--- Source information ---
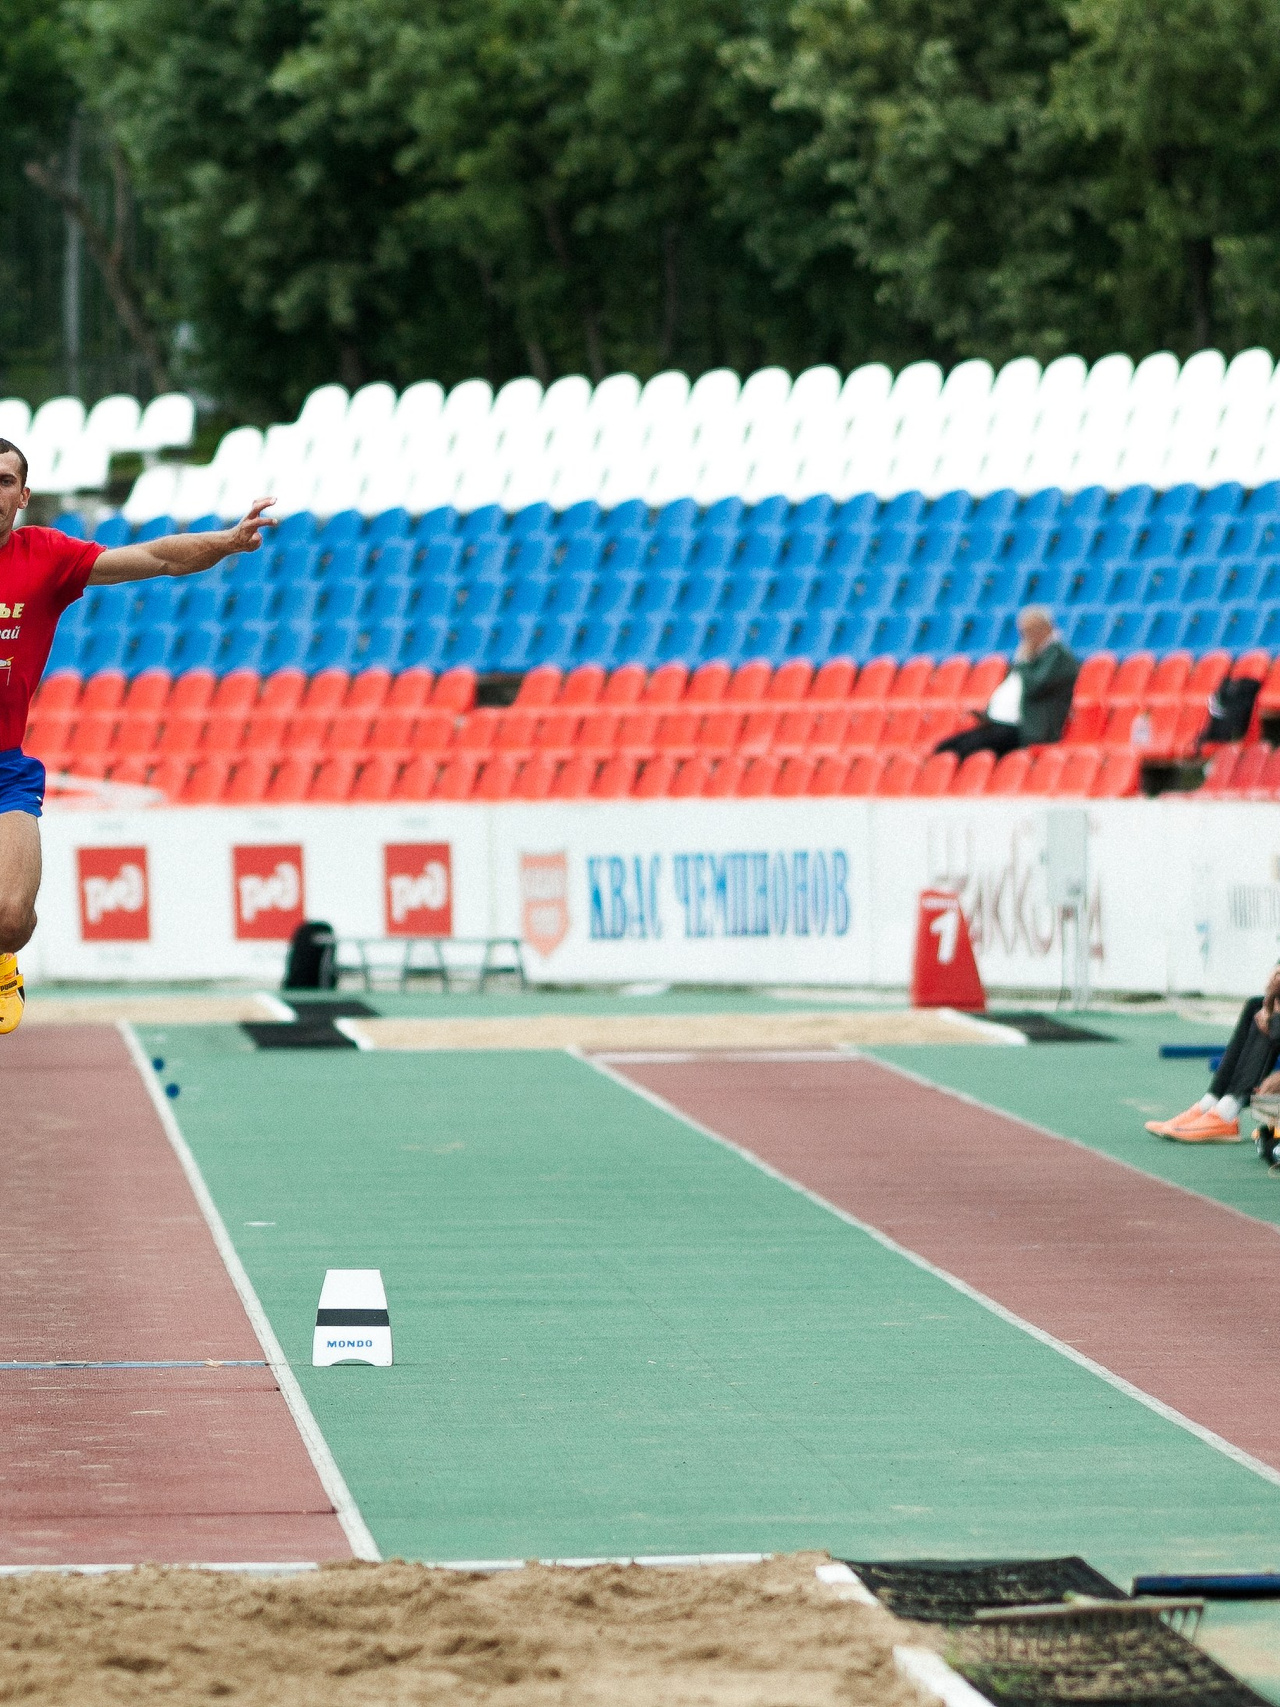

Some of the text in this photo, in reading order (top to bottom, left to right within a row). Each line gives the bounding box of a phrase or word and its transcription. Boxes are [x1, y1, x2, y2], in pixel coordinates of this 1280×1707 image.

[586, 848, 851, 940] КВАС ЧЕМПИОНОВ
[930, 911, 959, 964] 1
[326, 1340, 373, 1348] MONDO
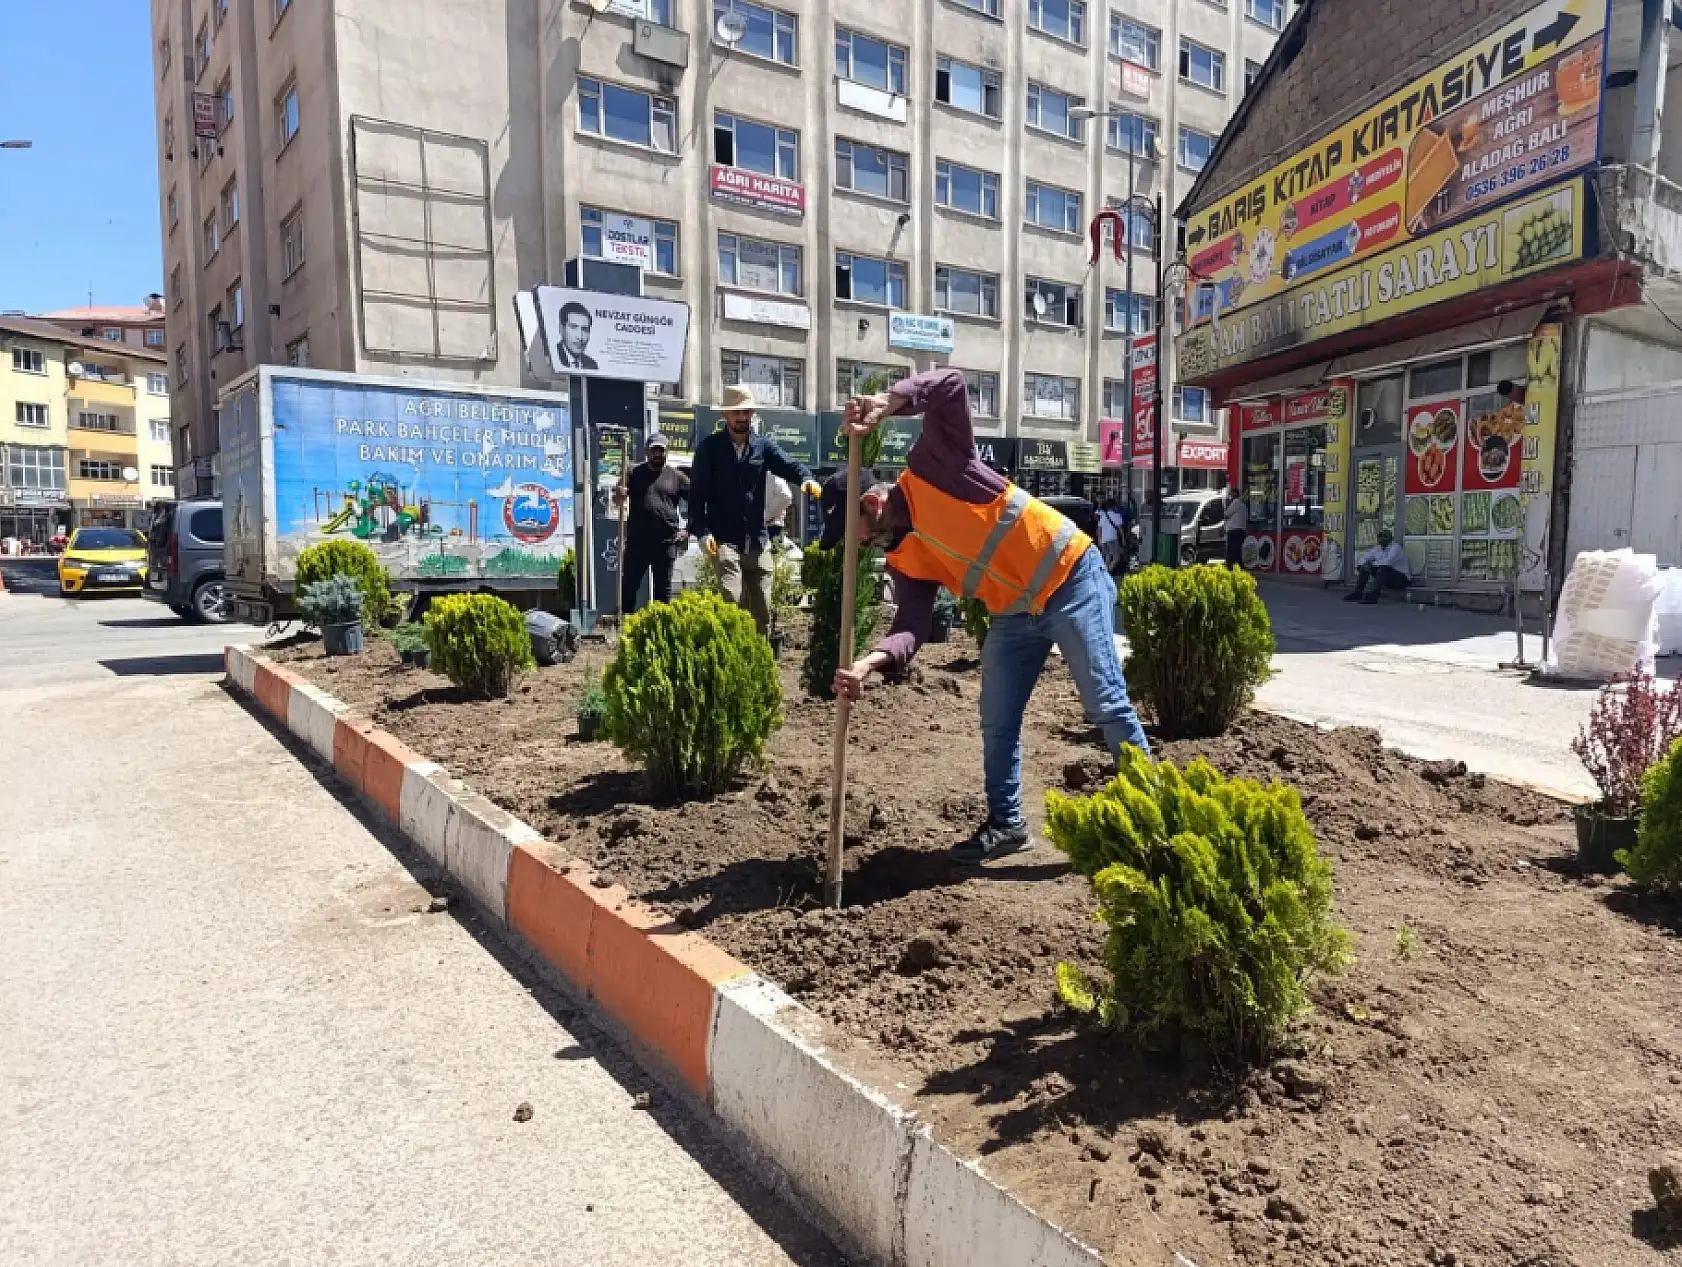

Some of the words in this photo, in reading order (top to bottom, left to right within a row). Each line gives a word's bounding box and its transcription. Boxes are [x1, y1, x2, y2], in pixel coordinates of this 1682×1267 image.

[1481, 70, 1551, 122] MEŞHUR
[1208, 184, 1266, 241] BARIŞ
[1274, 140, 1343, 206] KİTAP
[1352, 27, 1527, 163] KIRTASİYE
[1527, 119, 1568, 152] BALI
[1465, 180, 1498, 202] 0536
[1501, 164, 1526, 188] 396
[1530, 155, 1546, 175] 26
[1301, 270, 1372, 329] TATLI
[1378, 222, 1500, 304] SARAYI
[595, 308, 632, 322] NEVZAT
[633, 311, 674, 327] GÜNGÖR
[615, 322, 656, 336] CADDESİ
[404, 397, 451, 419] AĞRI
[336, 418, 393, 438] PARK
[398, 422, 493, 445] BAHÇELER
[360, 444, 424, 463] BAKIM
[431, 448, 455, 465] VE
[462, 451, 537, 469] ONARIM
[1180, 443, 1228, 462] EXPORT
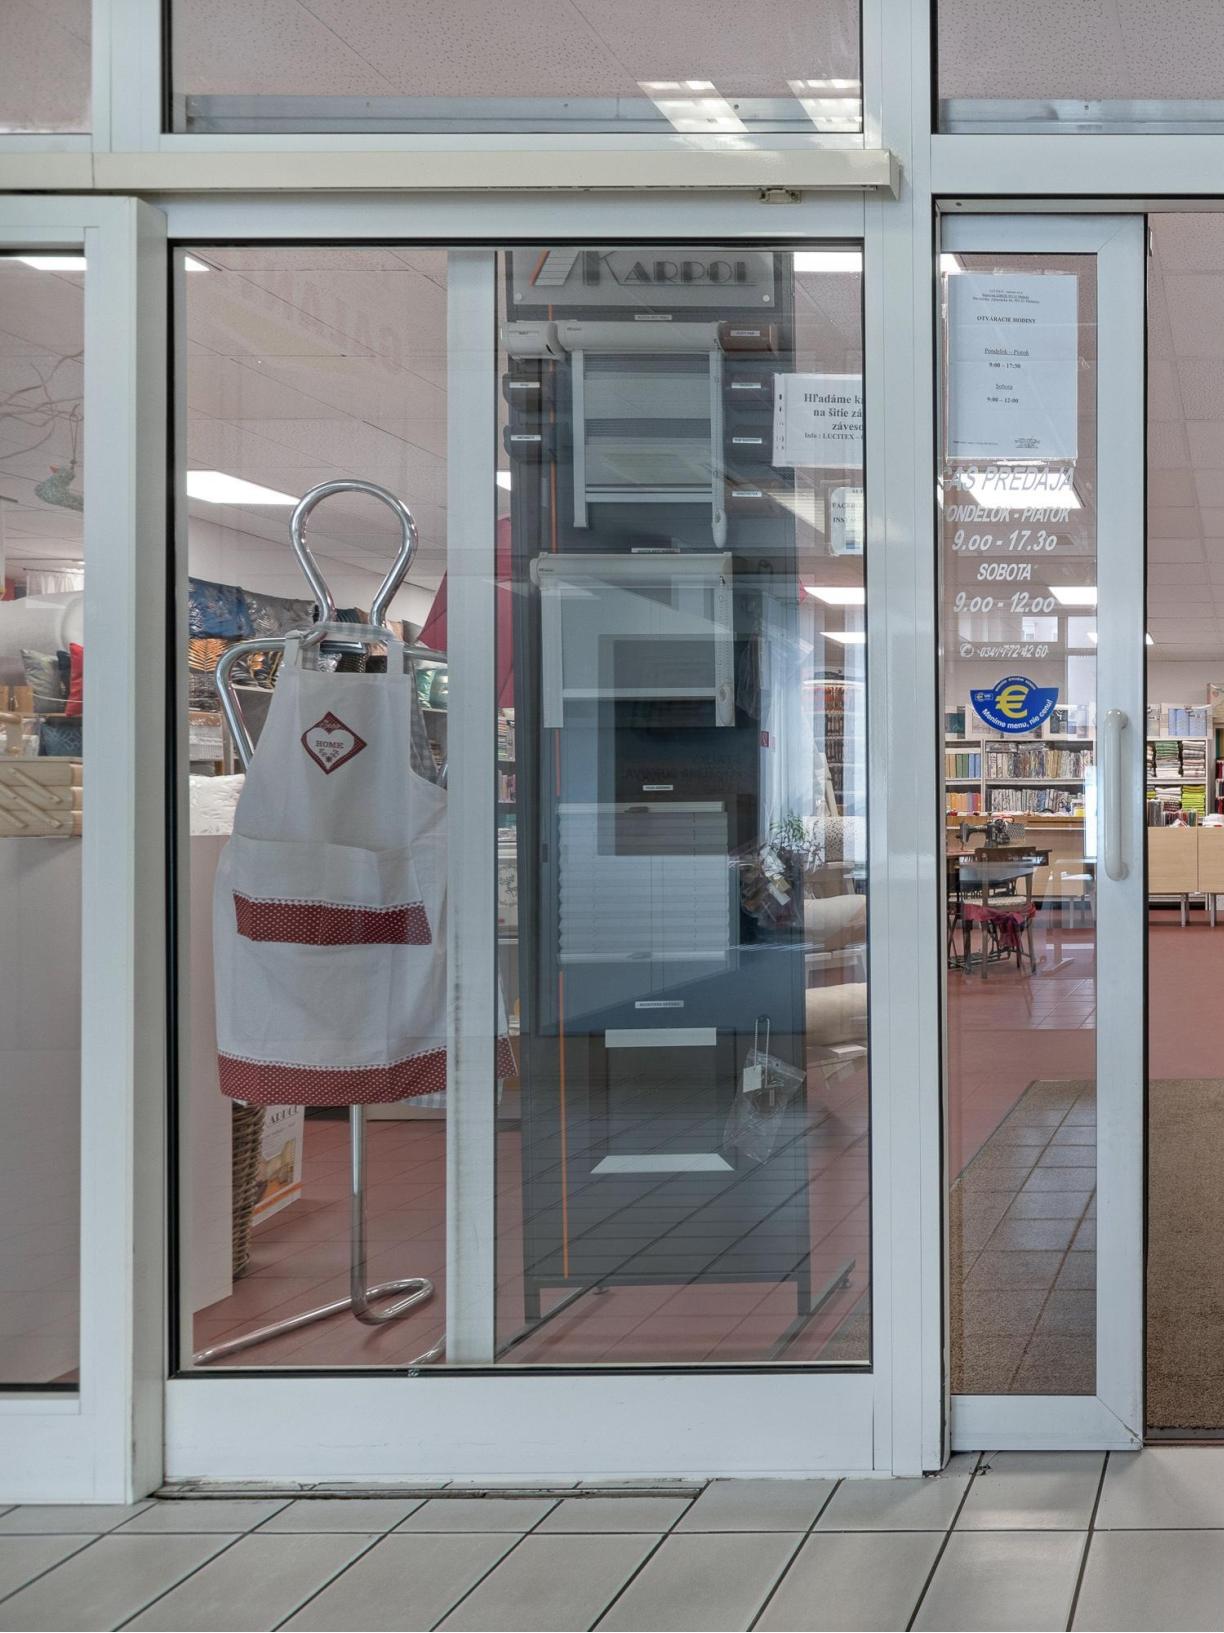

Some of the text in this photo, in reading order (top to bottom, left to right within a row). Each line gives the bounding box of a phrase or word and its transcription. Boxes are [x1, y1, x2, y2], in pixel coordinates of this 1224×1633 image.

[804, 393, 852, 405] Hľadáme
[813, 409, 826, 417] na
[828, 407, 848, 418] šitie
[981, 466, 1074, 491] PREDAJA
[1021, 505, 1071, 522] PIATOK
[977, 563, 1033, 581] SOBOTA
[315, 740, 345, 749] HOME

--- What the exercise asks ---
A faithful copy of the records above, without images, is what to give back.

--- Finished task ---
Some of the text in this photo, in reading order (top to bottom, left to right within a row). Each line gives the bounding box of a phrase or word and its transcription. Boxes are [x1, y1, x2, y2], in pixel coordinates of this 1280×1707 image.

[586, 848, 851, 940] КВАС ЧЕМПИОНОВ
[930, 911, 959, 964] 1
[326, 1340, 373, 1348] MONDO

Some of the words in this photo, in reading order (top to bottom, left to right within a row). Each line gives a word's bounding box and its transcription. Boxes are [x1, y1, x2, y2], in pixel coordinates of this 1682×1267 image.

[1481, 70, 1551, 122] MEŞHUR
[1208, 184, 1266, 241] BARIŞ
[1274, 140, 1343, 206] KİTAP
[1352, 27, 1527, 163] KIRTASİYE
[1527, 119, 1568, 152] BALI
[1465, 180, 1498, 202] 0536
[1501, 164, 1526, 188] 396
[1530, 155, 1546, 175] 26
[1301, 270, 1372, 329] TATLI
[1378, 222, 1500, 304] SARAYI
[595, 308, 632, 322] NEVZAT
[633, 311, 674, 327] GÜNGÖR
[615, 322, 656, 336] CADDESİ
[404, 397, 451, 419] AĞRI
[336, 418, 393, 438] PARK
[398, 422, 493, 445] BAHÇELER
[360, 444, 424, 463] BAKIM
[431, 448, 455, 465] VE
[462, 451, 537, 469] ONARIM
[1180, 443, 1228, 462] EXPORT

Some of the text in this photo, in reading order (top to bottom, left to right within a row). Each line gives the bounding box of a phrase or word and its transcription. Boxes are [x1, y1, x2, y2], in pixel coordinates of this 1224×1633 image.

[804, 393, 852, 405] Hľadáme
[813, 409, 826, 417] na
[828, 407, 848, 418] šitie
[981, 466, 1074, 491] PREDAJA
[1021, 505, 1071, 522] PIATOK
[977, 563, 1033, 581] SOBOTA
[315, 740, 345, 749] HOME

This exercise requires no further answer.